DZL konkret: Was soll erforscht werden?

  • Gezielte Therapien: Ein Schwerpunkt des DZL sind Untersuchungen mit großen Patientenkohorten. Mit den assoziierten Krankenhäusern und Ambulanzen, die über 30.000 Menschen mit Lungenerkrankungen versorgen, bietet das Zentrum dafür optimale Voraussetzungen. So sind Wissenschaftlerinnen und Wissenschaftler des DZL seit der Zentrumsgründung an mehr als 250 klinischen Studien beteiligt. „Eine wichtige Kohorte betrifft beispielsweise COPD-Erkrankte, bei denen es darum geht, neue genetische Ansatzpunkte für innovative Therapien zu identifizieren“, so Seeger. Bestandteil dieser Suche ist das sogenannte Deep Phenotyping, also eine genaue Beschreibung von unterschiedlichen Erscheinungsbildern der COPD-Erkrankung für eine gezieltere Therapie.
  • Reverse Remodelling: Die Grundlagenforschung hat in den vergangenen Jahren viel Wissen darüber zusammengetragen, wie sich die Blutgefäße der Lunge beim Lungenhochdruck strukturell verändern (bezeichnet als „Remodelling“). Neue Therapieansätze, die darauf abzielen, die Umbauprozesse in der Blutgefäßwand rückgängig zu machen, bilden einen der wissenschaftlichen Schwerpunkte am DZL. Erste Erfolge konnten durch die unter Leitung von DZL-Forschenden erfolgte Zulassung von Riociguat, einer neuen Medikation für zwei Formen des Lungenhochdrucks, erzielt werden. Mehr noch: Die Arbeiten könnten auch für andere Erkrankungen von Blutgefäßen relevant werden. Seeger: „Wir wollen den Lungenhochdruck zu einer Prototyperkrankung für das sogenannte Reverse Remodelling machen, die Rückentwicklung krankhafter Gefäßveränderungen.“
  • Die Biohybridlunge: Patientinnen und Patienten mit Lungenerkrankungen im Endstadium können heute nur durch Lungentransplantation gerettet werden. Die Überbrückung bis zur Transplantation kann zeitlich begrenzt durch eine externe Sauerstoffversorgung (extrakorporale Membranoxygenierung, ECMO) erfolgen, deren Funktion und Anwendung im DZL weiter optimiert werden. Eine Weiterentwicklung und neue Option könnten implantierbare „Ersatzlungen“ sein, die apparative Technik und Biotechnik vereinen.
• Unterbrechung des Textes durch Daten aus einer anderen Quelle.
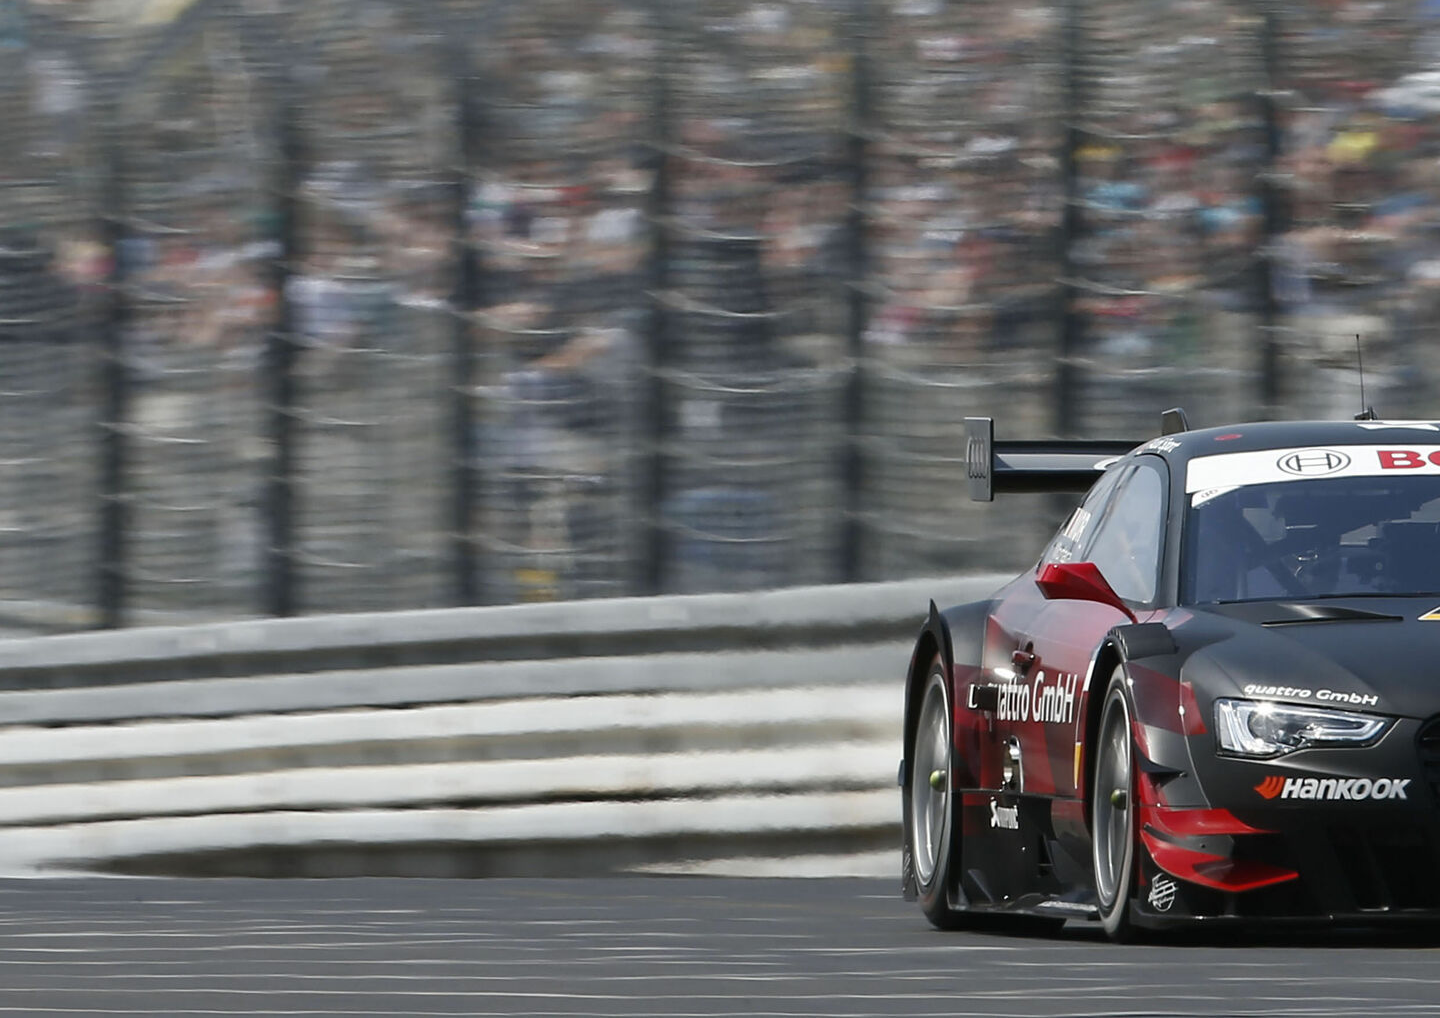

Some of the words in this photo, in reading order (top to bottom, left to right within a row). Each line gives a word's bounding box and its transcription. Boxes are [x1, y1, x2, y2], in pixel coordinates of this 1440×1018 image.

Wichtig ist hierbei die Stammzellforschung: Sie kann jene Zellen liefern, aus denen sich die hochspezialisierten Endothelzellen heranzüchten lassen, die für die Funktion einer Biohybridlunge (ECMO oder implantierbar) – auch über längere Zeiträume hinweg – nötig sind.

Gezielte Nachwuchsförderung in der Lungenforschung

Ein besonderes Anliegen des DZL ist, den wissenschaftlichen Nachwuchs im Bereich der Lungenforschung zu fördern. Das DZL bietet dazu Graduiertenprogramme an den Standorten, Methoden-Workshops, Austauschprogramme und die Möglichkeit zur Teilnahme an Winter- oder Summer-Schools sowie ein Mentoring-Programm für junge Wissenschaftlerinnen und Wissenschaftler an. Das vom DZL entwickelte Mentoring-Programm „Careers in Respiratory Medicine“ unterstützt seit Januar 2015 hochmotivierte Nachwuchskräfte bei der individuellen Karriereentwicklung im Bereich der translationalen Lungenforschung. Speziell für klinische Forschende bietet das DZL zudem ein Karriereprogramm für die Errichtung eigener Nachwuchsforschungsgruppen, um die Vereinbarkeit von Forschungstätigkeit und klinischer Ausbildung zu erleichtern.